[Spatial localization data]
----------

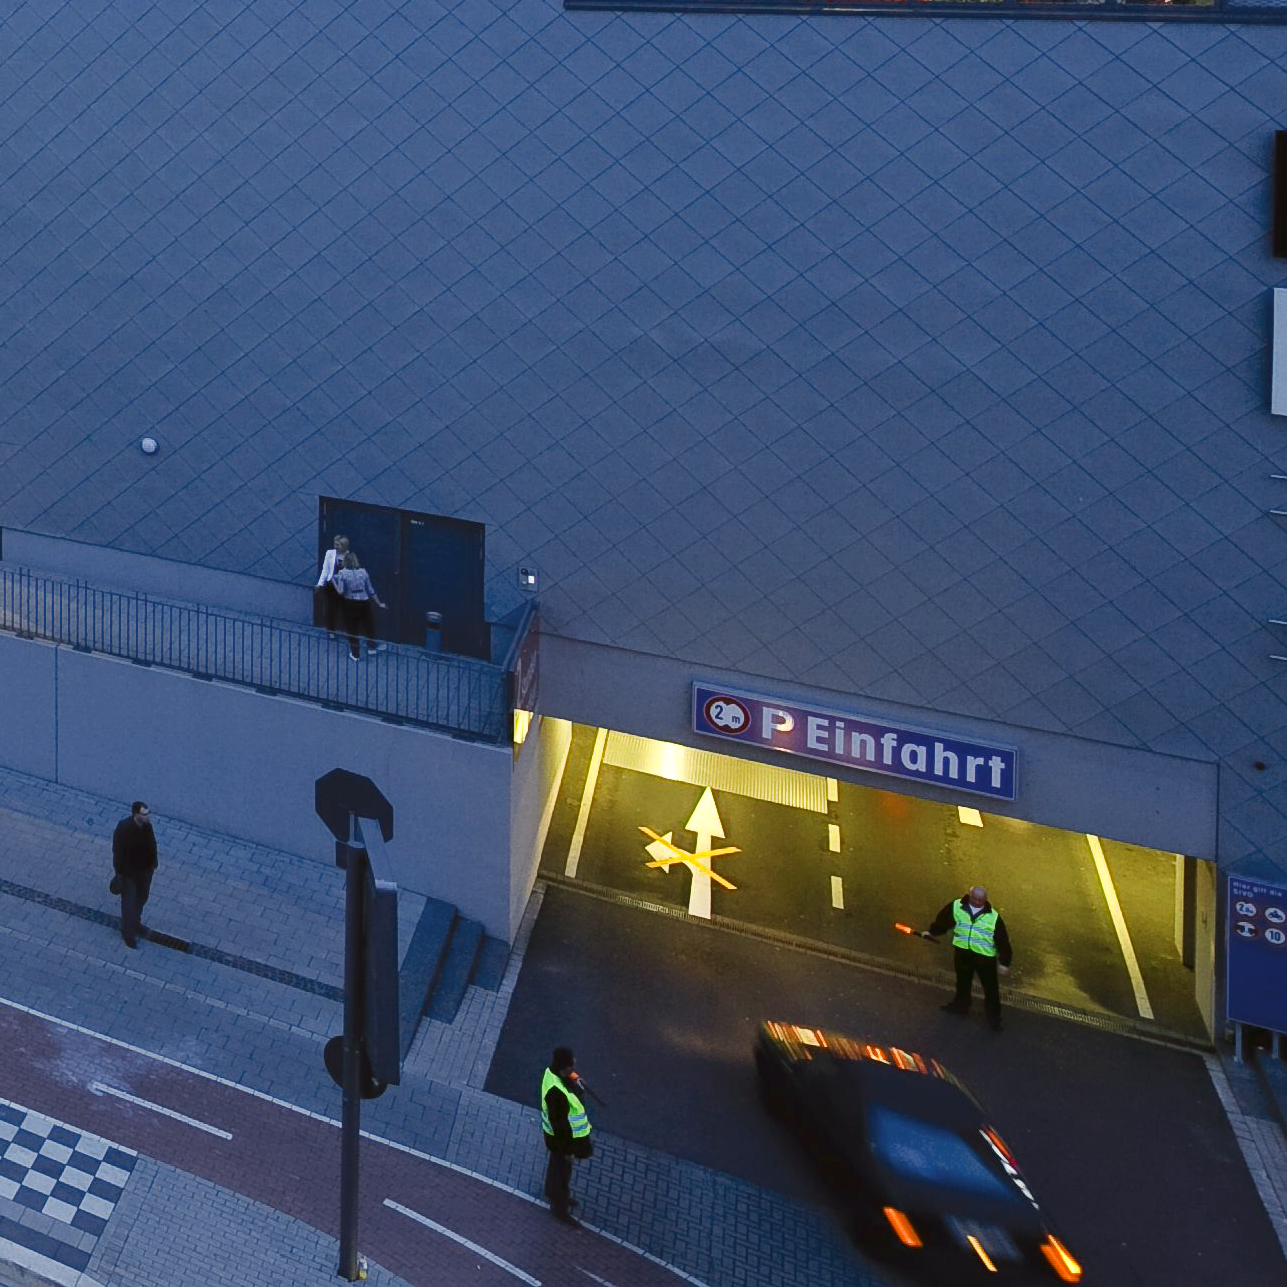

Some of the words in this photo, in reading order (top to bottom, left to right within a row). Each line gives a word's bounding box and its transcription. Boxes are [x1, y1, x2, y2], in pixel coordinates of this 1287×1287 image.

[714, 704, 724, 721] 2
[731, 715, 741, 725] m
[761, 706, 795, 740] P
[806, 716, 1005, 789] Einfahrt
[1268, 930, 1281, 942] 10
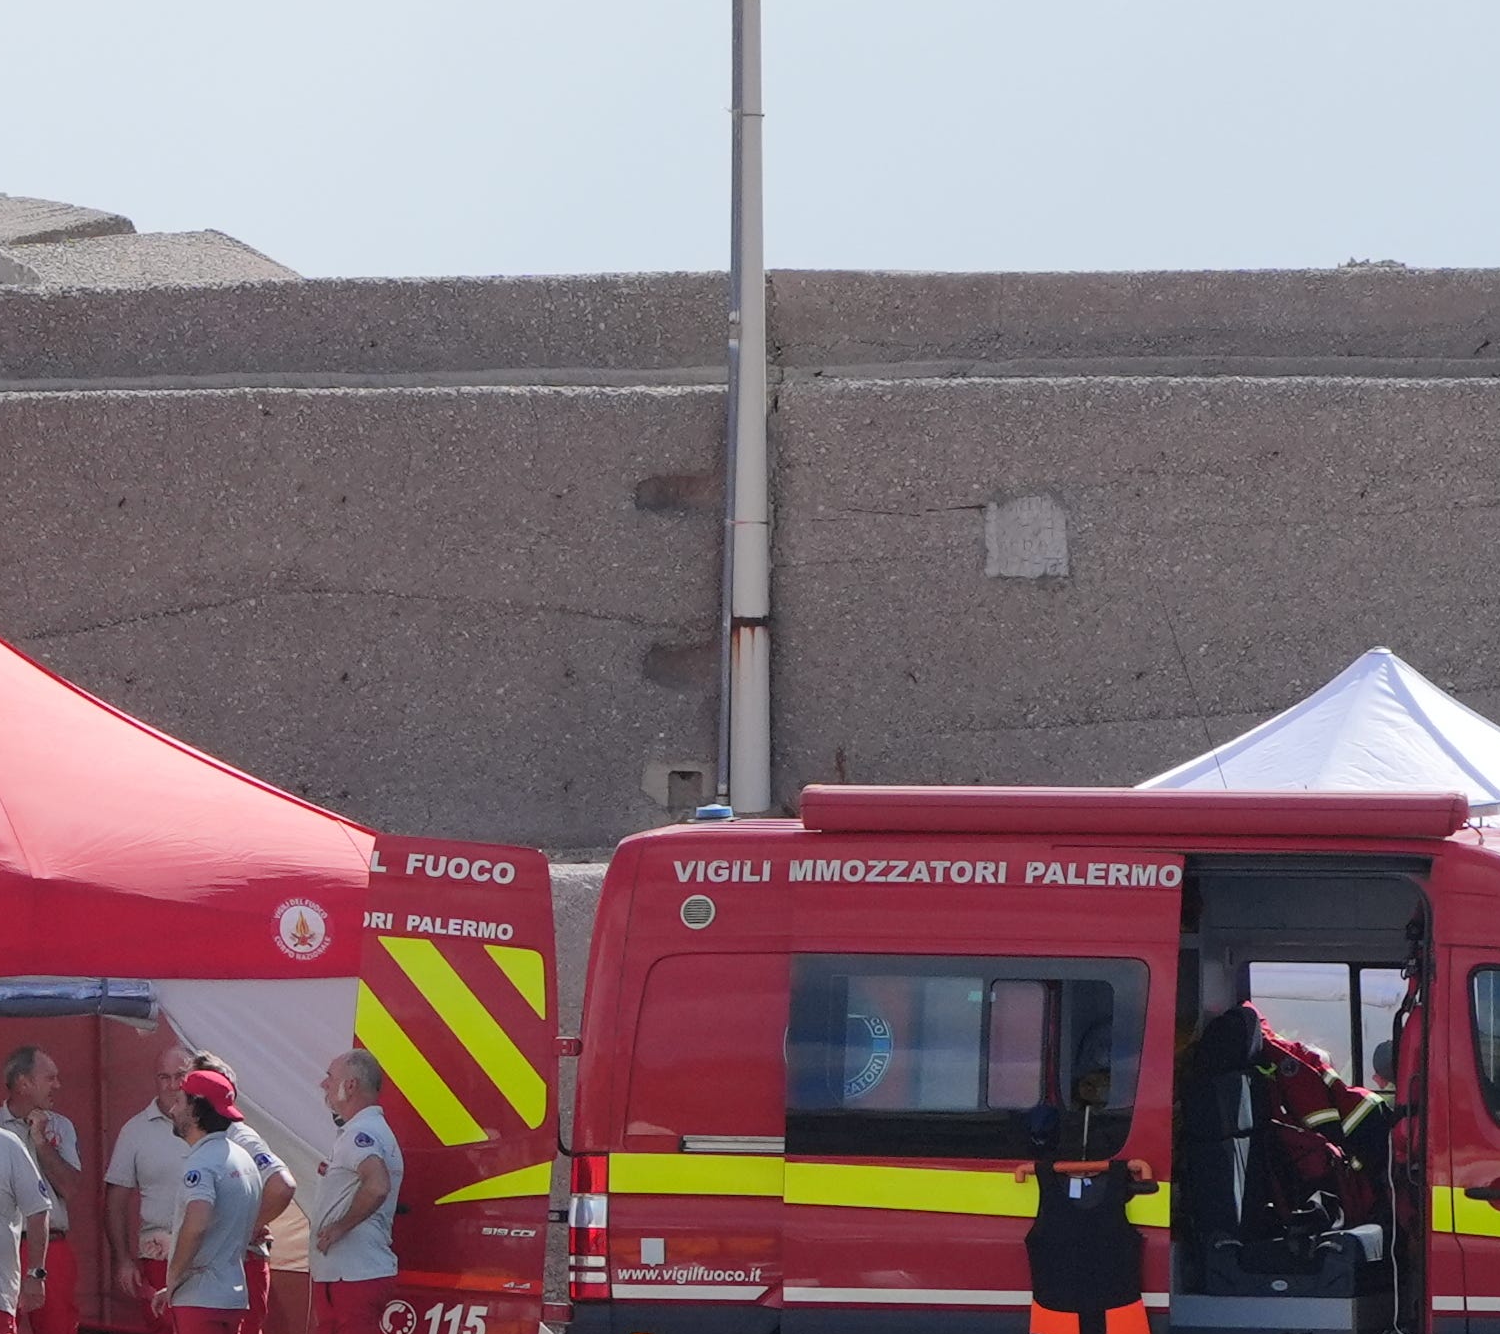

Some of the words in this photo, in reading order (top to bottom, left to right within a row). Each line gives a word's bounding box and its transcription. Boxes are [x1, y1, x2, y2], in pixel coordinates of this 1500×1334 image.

----------

**REQUIREMENT**
Type the entries again verbatim. Drop the images.

**EXERCISE ANSWER**
Some of the words in this photo, in reading order (top to bottom, left to right within a row). Each line gives a word's bounding box and its transcription. Boxes are [x1, y1, x2, y2], in pixel coordinates of this 1287×1287 image.

[714, 704, 724, 721] 2
[731, 715, 741, 725] m
[761, 706, 795, 740] P
[806, 716, 1005, 789] Einfahrt
[1268, 930, 1281, 942] 10

Some of the words in this photo, in reading order (top to bottom, left to right within a row). Each line gives a word's bounding box and its transcription. Boxes are [x1, y1, x2, y2], in pixel coordinates of this 1500×1334 image.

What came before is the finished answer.